RSV-Prague was harvested from transformed chick embryo fibroblasts 5, 10, 20, 60, and 180 min after release and compared with virus harvested after 12 and 24 hr with respect to the nature of its RNA, polypeptide constitution, and ability to use its own RNA and added DNA as primer/template for DNA synthesis. The following results were obtained: 1. a. Immature (5 min) virus contained little 68S RNA. The principal component of the native RNA of such virus was rather heterogeneous, with a median sedimentation coefficient of 55–60S; in addition, several other components were also present.
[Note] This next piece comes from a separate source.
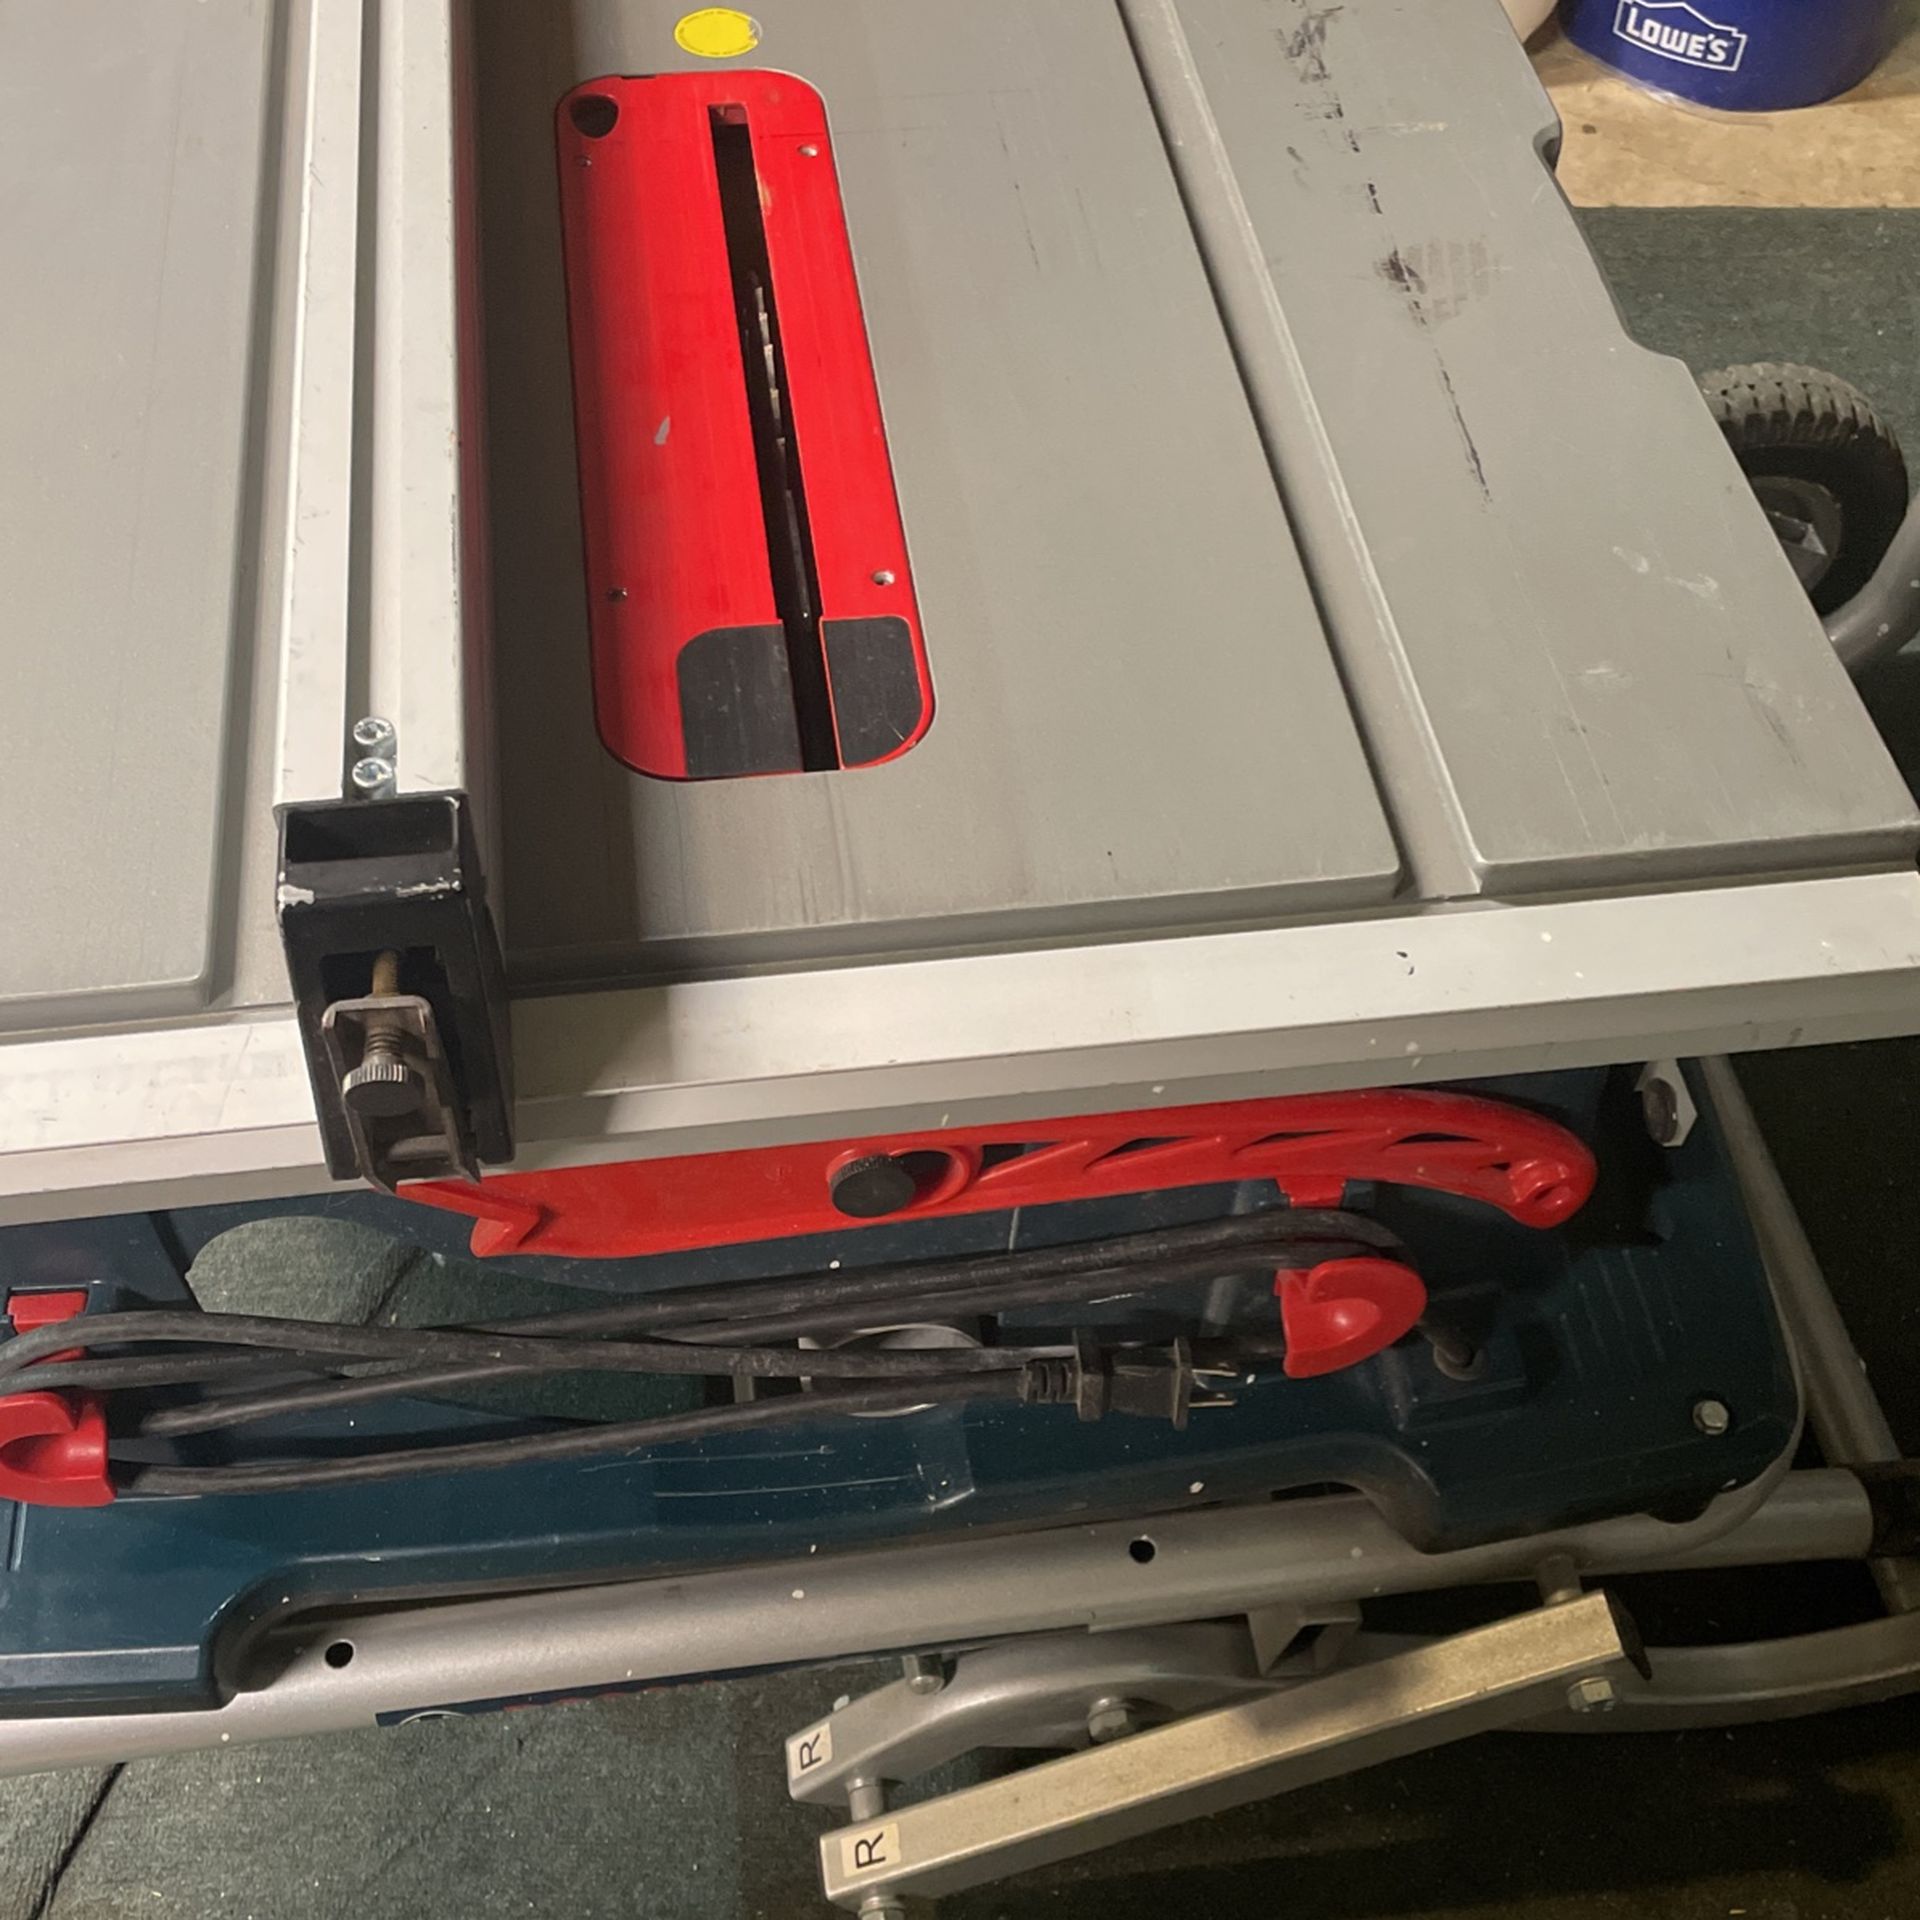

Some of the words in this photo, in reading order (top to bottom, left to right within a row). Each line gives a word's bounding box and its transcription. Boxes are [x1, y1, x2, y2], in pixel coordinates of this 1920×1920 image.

In the denatured state immature virus RNA consisted of approximately equal parts of very homogeneous 36S RNA, RNA which sedimented between 36S and 4S, and 4S RNA. By contrast, the native RNA of mature (24 hr) virus consisted mostly of a homogeneous 68S component, which on denaturation yielded a heterogeneous population of molecules sedimenting between 36S and 4S. The RNA of virus at intermediate stages of maturity yielded profiles intermediate between these two patterns. 2. b. Immature (5 min) virus particles contained 26 readily identifiable polypeptides; mature (24 hr) virus particles contained only 13. Virus particles of intermediate age contained intermediate numbers of polypeptides. No precursor—product relationships were discernible; rather, it appeared that 13 polypeptides were lost during maturation and aging. 3. c. The ability of immature (5 min) virus particles to synthesize DNA was not enhanced by the addition of detergent (Triton X-100); on the other hand, the addition of calf thymus DNA as exogenous primer/template profoundly stimulated DNA synthesis. The reverse was true for mature 24-hr virus. This suggested that the location of the enzyme(s) responsible for DNA synthesis differed in immature and mature virus particles, and implied that the RNA of immature virus particles might not be in the proper configuration necessary for serving as a primer/template for DNA synthesis.